What You Need for Low Carb Chili
- 1 tablespoon olive oil or avocado oil
- 1.5 lbs ground beef (80/20 or 70/30 for more fat)
- 1 large onion, chopped
- 2 bell peppers (any color), chopped
- 3 cloves garlic, minced
- 1 (28 ounce) can crushed tomatoes (no added sugar)
- 1 cup beef broth
- 3 tablespoons chili powder
- 1 tablespoon ground cumin
- 1 teaspoon dried oregano
- 1/2 teaspoon smoked paprika
- Pinch of red pepper flakes (for heat)
- Salt and black pepper to taste
- Optional toppings: shredded cheddar cheese, sour cream, avocado, cilantro
⏱️ Time: 40 minutes🍽️ Yields: 4-5 servings
How to Make Low Carb Chili
Step 1: Brown the Ground Beef
Heat olive oil in a large pot or Dutch oven over medium-high heat. Add the ground beef and cook until it’s browned. Break it up into small pieces. For a low carb approach, you can leave some of the fat in the pot for flavor and richness.

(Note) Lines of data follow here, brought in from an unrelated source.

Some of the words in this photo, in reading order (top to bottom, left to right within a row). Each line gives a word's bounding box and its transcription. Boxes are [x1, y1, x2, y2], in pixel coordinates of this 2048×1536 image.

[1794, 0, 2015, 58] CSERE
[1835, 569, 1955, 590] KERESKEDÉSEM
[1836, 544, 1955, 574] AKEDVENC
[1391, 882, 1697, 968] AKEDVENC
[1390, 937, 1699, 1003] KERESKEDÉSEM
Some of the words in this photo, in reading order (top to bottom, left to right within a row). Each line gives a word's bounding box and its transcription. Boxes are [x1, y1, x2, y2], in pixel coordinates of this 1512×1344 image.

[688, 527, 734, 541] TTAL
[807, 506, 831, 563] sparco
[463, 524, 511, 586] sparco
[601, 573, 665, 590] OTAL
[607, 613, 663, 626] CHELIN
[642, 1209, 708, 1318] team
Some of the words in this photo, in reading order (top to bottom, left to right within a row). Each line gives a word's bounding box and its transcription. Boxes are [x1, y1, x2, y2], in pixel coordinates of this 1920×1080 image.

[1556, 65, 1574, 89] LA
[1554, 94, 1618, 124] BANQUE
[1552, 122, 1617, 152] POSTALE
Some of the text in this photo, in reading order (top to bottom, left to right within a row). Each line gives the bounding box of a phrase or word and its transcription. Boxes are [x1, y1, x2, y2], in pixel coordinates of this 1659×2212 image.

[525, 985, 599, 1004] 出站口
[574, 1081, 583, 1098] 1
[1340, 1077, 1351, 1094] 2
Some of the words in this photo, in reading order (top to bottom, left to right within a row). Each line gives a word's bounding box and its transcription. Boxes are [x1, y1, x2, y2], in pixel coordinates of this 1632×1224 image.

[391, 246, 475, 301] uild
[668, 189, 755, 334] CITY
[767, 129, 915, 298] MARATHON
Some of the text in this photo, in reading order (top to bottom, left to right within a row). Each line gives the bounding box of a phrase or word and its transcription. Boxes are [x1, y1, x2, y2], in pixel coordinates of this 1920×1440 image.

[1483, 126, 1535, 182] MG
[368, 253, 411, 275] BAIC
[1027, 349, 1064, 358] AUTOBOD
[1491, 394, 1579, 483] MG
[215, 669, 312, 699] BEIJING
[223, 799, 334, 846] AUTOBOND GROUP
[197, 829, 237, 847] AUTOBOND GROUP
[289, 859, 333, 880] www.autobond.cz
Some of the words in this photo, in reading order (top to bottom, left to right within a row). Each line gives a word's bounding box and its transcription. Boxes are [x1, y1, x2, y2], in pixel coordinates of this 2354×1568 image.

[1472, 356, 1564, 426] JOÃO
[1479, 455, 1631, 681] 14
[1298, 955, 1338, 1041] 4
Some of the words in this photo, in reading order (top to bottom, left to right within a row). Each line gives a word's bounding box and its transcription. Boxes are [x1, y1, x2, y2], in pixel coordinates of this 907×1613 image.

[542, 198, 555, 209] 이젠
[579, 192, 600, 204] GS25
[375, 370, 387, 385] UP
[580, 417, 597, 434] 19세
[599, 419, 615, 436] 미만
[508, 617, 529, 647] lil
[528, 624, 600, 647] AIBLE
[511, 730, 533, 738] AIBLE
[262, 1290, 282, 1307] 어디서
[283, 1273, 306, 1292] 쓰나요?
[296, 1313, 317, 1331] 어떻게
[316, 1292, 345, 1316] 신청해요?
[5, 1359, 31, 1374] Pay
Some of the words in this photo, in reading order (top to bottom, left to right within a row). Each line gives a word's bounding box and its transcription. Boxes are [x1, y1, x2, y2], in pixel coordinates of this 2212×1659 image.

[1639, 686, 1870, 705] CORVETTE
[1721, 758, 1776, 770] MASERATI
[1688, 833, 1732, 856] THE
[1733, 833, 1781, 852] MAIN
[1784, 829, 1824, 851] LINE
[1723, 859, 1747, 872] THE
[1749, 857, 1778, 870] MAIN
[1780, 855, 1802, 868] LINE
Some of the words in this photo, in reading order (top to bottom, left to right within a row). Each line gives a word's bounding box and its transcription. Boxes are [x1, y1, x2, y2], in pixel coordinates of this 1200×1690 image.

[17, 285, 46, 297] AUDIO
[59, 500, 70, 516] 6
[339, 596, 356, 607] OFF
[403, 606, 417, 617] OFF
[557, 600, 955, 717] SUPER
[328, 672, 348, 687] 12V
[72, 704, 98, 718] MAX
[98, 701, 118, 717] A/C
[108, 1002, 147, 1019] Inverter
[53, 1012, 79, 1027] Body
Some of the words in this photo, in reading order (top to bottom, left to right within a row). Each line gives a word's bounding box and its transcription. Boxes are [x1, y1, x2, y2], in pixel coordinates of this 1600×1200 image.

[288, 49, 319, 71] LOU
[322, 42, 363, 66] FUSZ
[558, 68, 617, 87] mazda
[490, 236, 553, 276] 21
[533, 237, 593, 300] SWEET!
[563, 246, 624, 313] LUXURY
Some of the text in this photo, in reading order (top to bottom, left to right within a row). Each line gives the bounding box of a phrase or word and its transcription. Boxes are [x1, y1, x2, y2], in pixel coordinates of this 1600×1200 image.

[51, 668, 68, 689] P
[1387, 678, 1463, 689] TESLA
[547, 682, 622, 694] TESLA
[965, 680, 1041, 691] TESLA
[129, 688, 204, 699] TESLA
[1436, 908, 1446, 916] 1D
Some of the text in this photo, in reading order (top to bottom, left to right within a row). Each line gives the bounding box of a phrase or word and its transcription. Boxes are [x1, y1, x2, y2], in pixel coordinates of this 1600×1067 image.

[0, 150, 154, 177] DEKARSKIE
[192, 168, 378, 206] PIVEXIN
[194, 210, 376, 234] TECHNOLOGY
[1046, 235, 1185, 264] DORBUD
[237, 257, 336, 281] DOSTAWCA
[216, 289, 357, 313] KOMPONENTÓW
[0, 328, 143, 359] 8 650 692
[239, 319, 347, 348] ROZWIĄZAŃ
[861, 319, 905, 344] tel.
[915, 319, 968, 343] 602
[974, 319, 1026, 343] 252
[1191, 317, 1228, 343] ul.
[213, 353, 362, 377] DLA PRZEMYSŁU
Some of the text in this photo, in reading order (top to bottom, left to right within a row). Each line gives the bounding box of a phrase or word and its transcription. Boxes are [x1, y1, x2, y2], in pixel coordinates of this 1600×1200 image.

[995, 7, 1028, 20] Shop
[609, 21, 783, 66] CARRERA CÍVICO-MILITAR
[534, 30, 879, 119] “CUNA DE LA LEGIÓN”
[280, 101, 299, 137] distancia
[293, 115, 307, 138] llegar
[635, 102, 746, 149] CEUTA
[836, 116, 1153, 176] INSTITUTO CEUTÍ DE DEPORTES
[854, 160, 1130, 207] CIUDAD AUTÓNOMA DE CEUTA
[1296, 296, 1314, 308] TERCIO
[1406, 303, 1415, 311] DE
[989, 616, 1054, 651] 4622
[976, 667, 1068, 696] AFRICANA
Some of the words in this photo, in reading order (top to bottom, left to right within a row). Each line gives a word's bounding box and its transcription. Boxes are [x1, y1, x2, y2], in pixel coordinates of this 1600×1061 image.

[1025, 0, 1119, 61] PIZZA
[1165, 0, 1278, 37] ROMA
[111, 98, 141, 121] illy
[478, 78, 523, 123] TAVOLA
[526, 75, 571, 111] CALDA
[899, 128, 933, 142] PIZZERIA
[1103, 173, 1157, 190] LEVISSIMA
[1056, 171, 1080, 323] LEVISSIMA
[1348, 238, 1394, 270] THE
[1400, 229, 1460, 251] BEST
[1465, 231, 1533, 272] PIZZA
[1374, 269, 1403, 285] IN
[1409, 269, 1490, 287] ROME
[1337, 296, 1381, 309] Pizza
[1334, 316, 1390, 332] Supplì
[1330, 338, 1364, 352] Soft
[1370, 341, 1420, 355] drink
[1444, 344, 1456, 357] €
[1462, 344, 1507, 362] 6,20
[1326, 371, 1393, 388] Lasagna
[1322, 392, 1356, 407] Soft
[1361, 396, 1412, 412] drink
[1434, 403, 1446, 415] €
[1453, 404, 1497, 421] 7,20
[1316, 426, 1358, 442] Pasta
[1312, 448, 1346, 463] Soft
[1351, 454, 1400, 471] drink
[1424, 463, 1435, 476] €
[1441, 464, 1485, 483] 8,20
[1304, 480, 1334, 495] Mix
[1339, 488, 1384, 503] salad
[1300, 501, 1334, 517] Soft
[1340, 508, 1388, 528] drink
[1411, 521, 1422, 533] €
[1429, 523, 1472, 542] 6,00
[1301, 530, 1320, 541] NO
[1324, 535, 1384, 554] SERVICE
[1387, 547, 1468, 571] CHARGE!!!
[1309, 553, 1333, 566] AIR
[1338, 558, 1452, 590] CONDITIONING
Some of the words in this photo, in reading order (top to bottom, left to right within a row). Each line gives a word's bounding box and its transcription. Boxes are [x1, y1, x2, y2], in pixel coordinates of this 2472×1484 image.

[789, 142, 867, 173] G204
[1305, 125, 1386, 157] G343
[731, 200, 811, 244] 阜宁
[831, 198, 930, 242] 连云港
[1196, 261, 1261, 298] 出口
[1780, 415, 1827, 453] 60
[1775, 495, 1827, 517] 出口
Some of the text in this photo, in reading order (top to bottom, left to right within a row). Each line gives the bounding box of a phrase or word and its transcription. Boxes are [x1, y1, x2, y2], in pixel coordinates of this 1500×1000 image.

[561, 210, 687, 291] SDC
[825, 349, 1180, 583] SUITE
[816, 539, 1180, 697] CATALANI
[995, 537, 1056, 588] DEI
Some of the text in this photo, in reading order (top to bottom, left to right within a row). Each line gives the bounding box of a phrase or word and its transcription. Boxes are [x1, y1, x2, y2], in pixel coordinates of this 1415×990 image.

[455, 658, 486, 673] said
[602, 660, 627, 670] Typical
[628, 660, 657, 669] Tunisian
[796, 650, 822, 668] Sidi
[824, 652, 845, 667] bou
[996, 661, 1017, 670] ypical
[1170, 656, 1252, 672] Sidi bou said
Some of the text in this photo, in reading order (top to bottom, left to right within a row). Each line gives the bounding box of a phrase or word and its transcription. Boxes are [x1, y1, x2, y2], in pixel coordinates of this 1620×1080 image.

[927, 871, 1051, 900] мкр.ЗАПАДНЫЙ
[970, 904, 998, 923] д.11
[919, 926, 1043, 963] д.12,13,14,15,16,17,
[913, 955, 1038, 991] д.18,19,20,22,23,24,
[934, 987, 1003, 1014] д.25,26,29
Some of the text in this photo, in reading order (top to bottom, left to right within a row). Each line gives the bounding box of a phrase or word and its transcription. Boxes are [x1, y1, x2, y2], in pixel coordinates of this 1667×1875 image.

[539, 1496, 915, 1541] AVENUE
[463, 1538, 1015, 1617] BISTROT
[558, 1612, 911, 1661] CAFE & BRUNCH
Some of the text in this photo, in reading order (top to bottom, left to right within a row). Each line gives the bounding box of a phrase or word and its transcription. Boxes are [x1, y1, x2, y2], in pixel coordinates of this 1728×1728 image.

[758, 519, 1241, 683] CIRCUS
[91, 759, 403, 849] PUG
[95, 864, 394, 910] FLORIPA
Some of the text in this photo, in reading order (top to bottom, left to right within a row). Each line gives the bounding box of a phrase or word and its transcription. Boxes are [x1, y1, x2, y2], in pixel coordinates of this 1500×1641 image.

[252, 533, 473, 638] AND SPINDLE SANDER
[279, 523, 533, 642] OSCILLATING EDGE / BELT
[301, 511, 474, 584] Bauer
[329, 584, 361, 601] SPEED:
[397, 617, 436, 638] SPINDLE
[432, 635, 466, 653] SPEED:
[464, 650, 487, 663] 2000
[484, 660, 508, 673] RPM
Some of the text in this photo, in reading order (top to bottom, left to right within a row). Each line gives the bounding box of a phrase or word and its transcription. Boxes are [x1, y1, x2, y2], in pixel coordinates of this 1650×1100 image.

Step 2: Cook Veggies and Spices
Add the chopped onion and bell peppers to the pot with the beef. Cook until they soften, about 5-7 minutes. Stir in the minced garlic, chili powder, cumin, oregano, smoked paprika, and red pepper flakes. Cook for another minute until you can smell the spices.
Step 3: Simmer for Flavor
Pour in the crushed tomatoes and beef broth. Stir well to combine everything. Bring the chili to a gentle boil, then reduce the heat to low, cover, and let it simmer for at least 30 minutes. This helps the flavors blend together.
Step 4: Season and Enjoy
Taste the chili and adjust salt and black pepper as needed. Serve hot with your favorite low carb toppings like shredded cheddar cheese, a dollop of sour cream, sliced avocado, or fresh cilantro.
📝 Final Note
This low carb chili freezes wonderfully! Store in individual portions for quick, healthy meals later. It keeps well in the fridge for 3-4 days.